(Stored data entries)
┌──

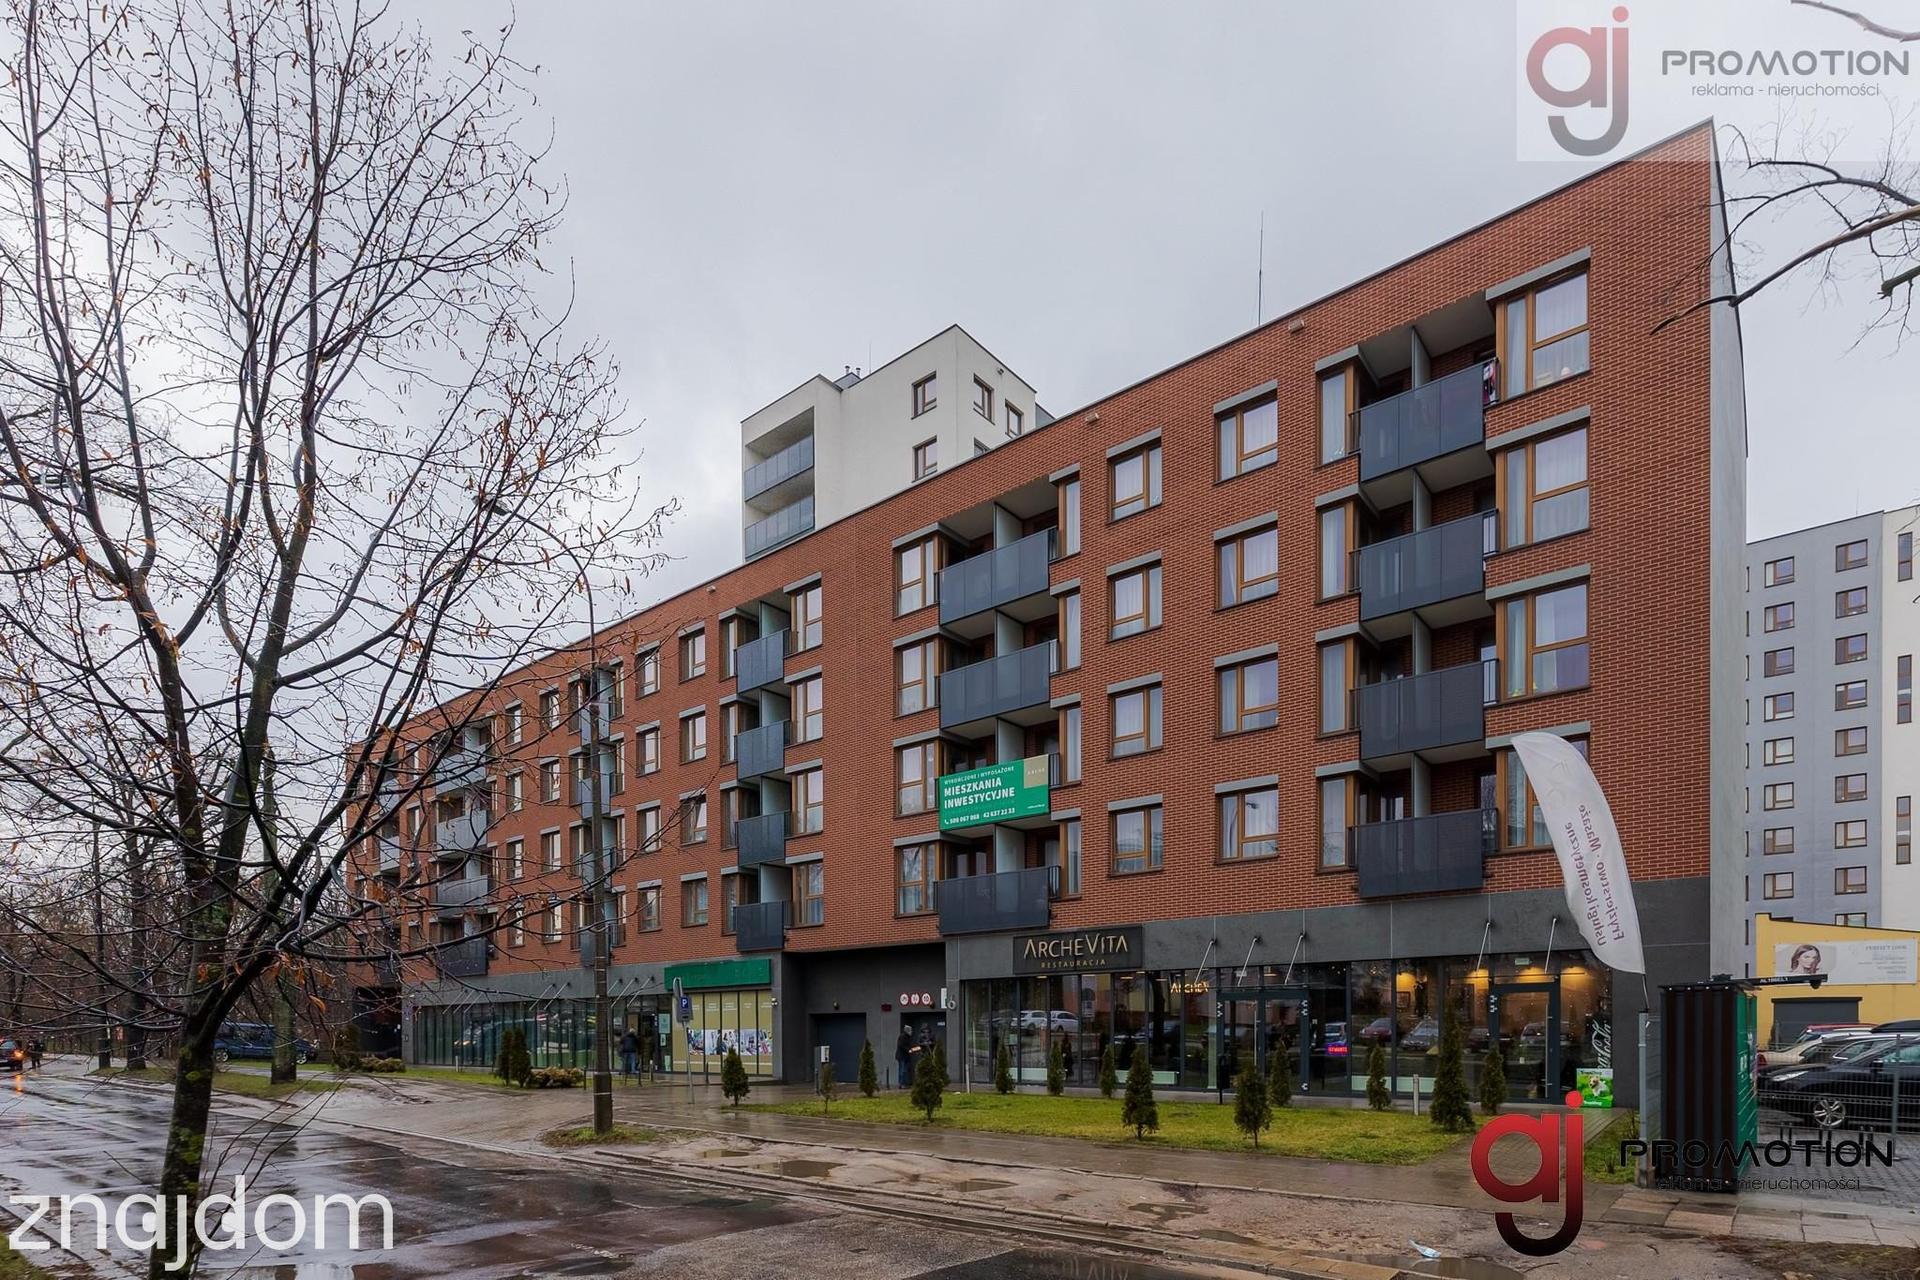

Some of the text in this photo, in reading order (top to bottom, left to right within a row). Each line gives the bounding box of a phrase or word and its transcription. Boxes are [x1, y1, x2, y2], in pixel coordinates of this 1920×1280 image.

[944, 777, 1002, 797] MIESZKANIA
[944, 787, 1015, 809] INWESTYCYJNE
[1041, 959, 1106, 969] RESTAURACJA
[682, 998, 688, 1007] P
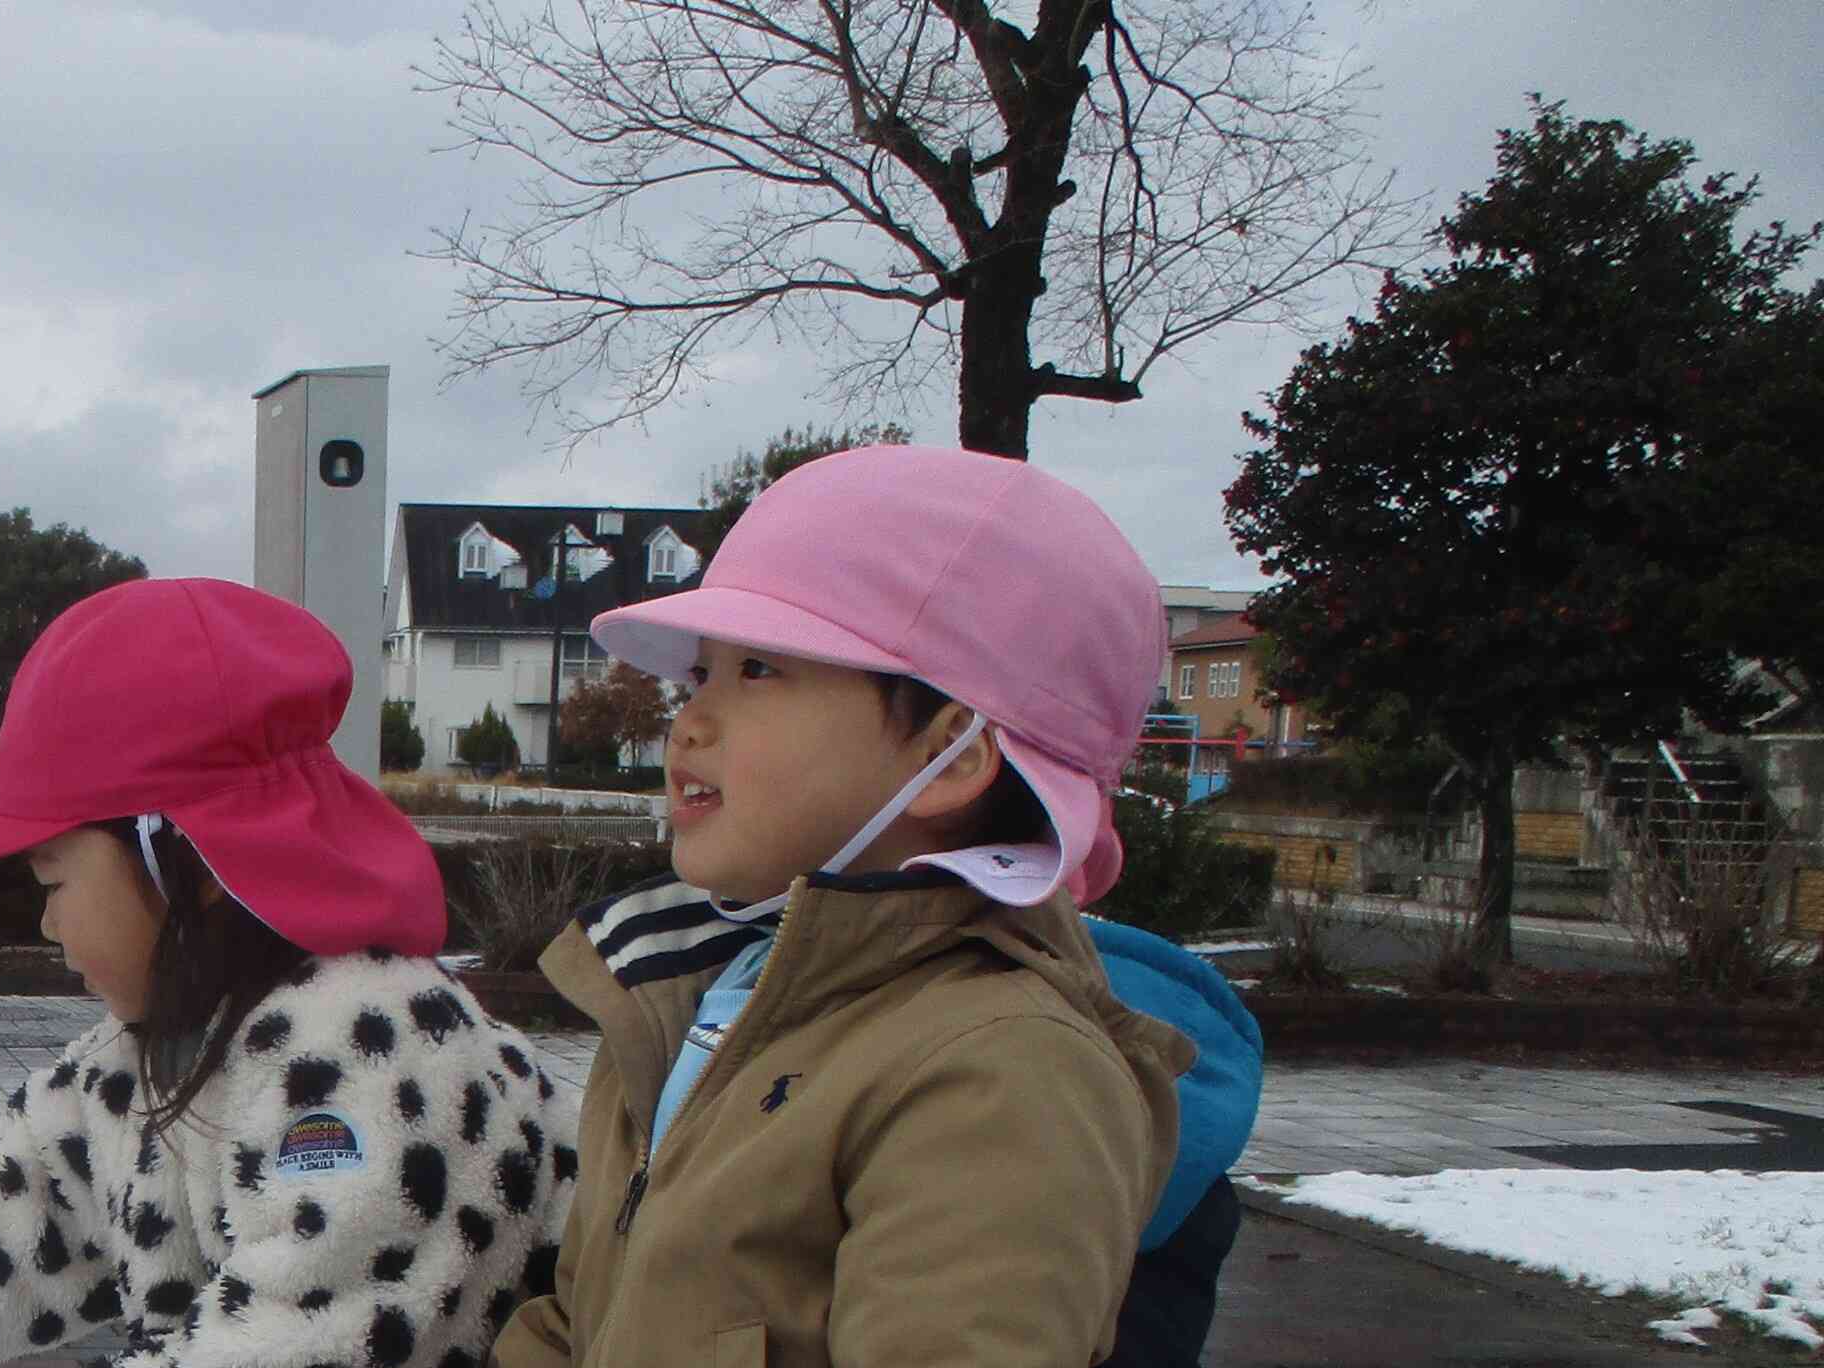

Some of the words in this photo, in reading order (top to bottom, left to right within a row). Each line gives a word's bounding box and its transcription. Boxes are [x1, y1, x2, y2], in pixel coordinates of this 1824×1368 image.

[288, 1121, 345, 1135] awesome
[301, 1151, 334, 1162] BEGINS
[336, 1152, 363, 1161] WITH
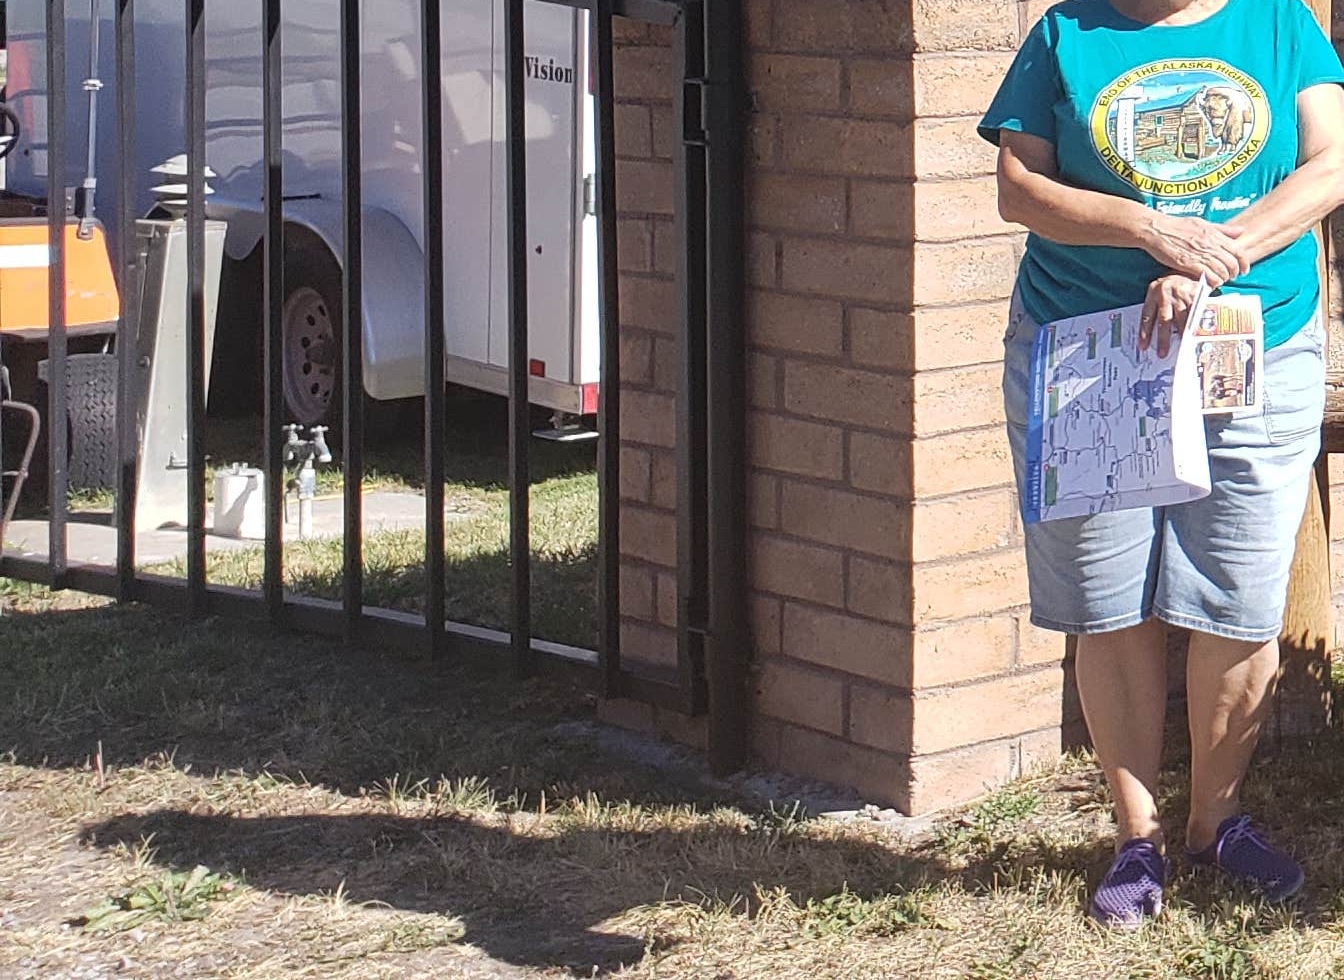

└──

Task description.
Leaving the pictures out, transcribe the entries above exactly as written.

Answer space.
Some of the text in this photo, in reading order (top to bottom, left to right within a row). Each line gives the bounding box of a phrase or word and its transcription. Boxes are [x1, y1, x2, y2], in pixel coordinates of this 1920×1280 image.

[944, 777, 1002, 797] MIESZKANIA
[944, 787, 1015, 809] INWESTYCYJNE
[1041, 959, 1106, 969] RESTAURACJA
[682, 998, 688, 1007] P

Some of the words in this photo, in reading order (top to bottom, left to right within a row). Each line gives a word's bounding box and its transcription. Boxes are [x1, y1, x2, y2], in pixel coordinates of this 1824×1368 image.

[288, 1121, 345, 1135] awesome
[301, 1151, 334, 1162] BEGINS
[336, 1152, 363, 1161] WITH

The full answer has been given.